28. Juni 2016
Das Manuskript beschreibt eine Methode der phonongestützten quasi-resonanten Fluoreszenzspektroskopie, die sowohl laserbegrenzte Auflösung als auch Photolumineszenzspektroskopie (PL) umfasst. Diese Methode nutzt optische Phononen, um linienbreitenbegrenzte Auflösungsspektren von atomartigen Halbleiterstrukturen im Energiebereich zu liefern. Die Methode lässt sich auch leicht mit einem optischen Spektroskopie-Aufbau mit einem einzigen Spektrometer realisieren.
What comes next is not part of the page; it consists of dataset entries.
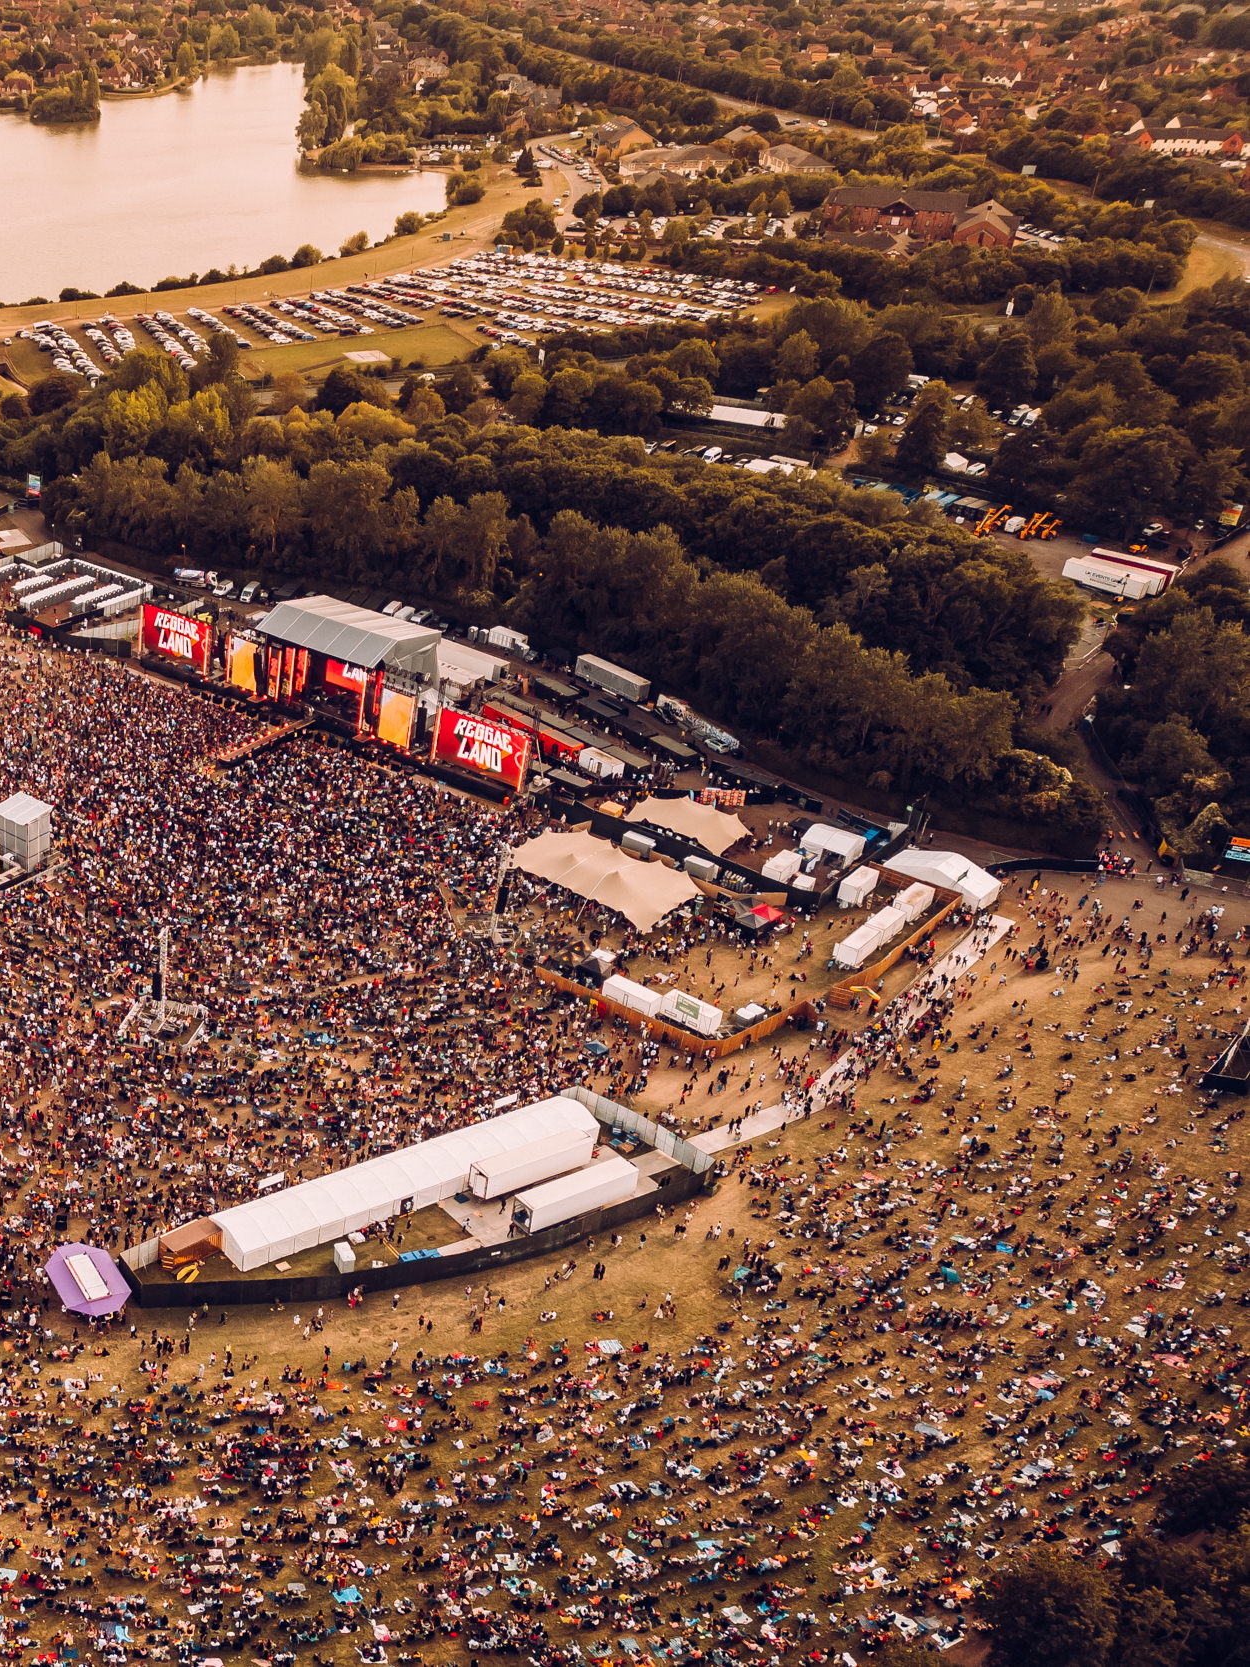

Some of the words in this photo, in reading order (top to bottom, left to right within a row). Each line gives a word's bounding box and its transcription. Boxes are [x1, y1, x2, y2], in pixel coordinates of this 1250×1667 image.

[1092, 572, 1110, 581] EVENTS
[154, 612, 200, 641] REGGAE
[158, 629, 192, 659] LAND
[453, 718, 513, 754] REGGAE
[457, 737, 502, 773] LAND
Das übergeordnete Ziel der phononunterstützten quasiresonanten Fluoreszenzspektroskopie besteht darin, eine auf die Laserlinienbreite begrenzte Auflösung der optischen Spektren strukturähnlicher Halbleitersysteme mithilfe eines standardmäßigen photolumineszenten Spektroskopieaufbaus zu erreichen. Diese Methode ermöglicht Untersuchungen in der Halbleiter-Optikspektroskopie, die mit nulldimensionalen Systemen wie Quantenpunkten, Stickstoff-Vakanz-Zentren in Diamant und Defekten in Siliziumkarbid zusammenhängen. Der Hauptvorteil dieser Technik liegt darin, dass sie in der Lage ist, hochaufgelöste optische Spektren von Energiefunktionen unterhalb von 10 µeV zu erhalten, wobei gleichzeitig die Polarisationsinformation erhalten bleibt.
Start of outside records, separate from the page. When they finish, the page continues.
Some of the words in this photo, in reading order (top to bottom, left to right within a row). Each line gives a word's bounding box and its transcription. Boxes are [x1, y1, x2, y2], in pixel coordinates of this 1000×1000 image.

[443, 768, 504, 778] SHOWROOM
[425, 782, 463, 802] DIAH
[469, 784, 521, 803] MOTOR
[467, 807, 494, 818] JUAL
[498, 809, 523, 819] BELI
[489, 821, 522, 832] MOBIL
Die Implikationen dieser Technik erweitern die Leistungsfähigkeit der optischen Spektroskopie aufgrund ihrer Fähigkeit, hochauflösende optische Spektren zu erhalten. Personen, die neu in der Methode sind, werden Schwierigkeiten haben, das Signal zu finden. Die größte Hürde besteht darin, einen einzelnen Spektrometer und einen Extinktionsfilter zu verwenden, um Streulaserlicht zu eliminieren.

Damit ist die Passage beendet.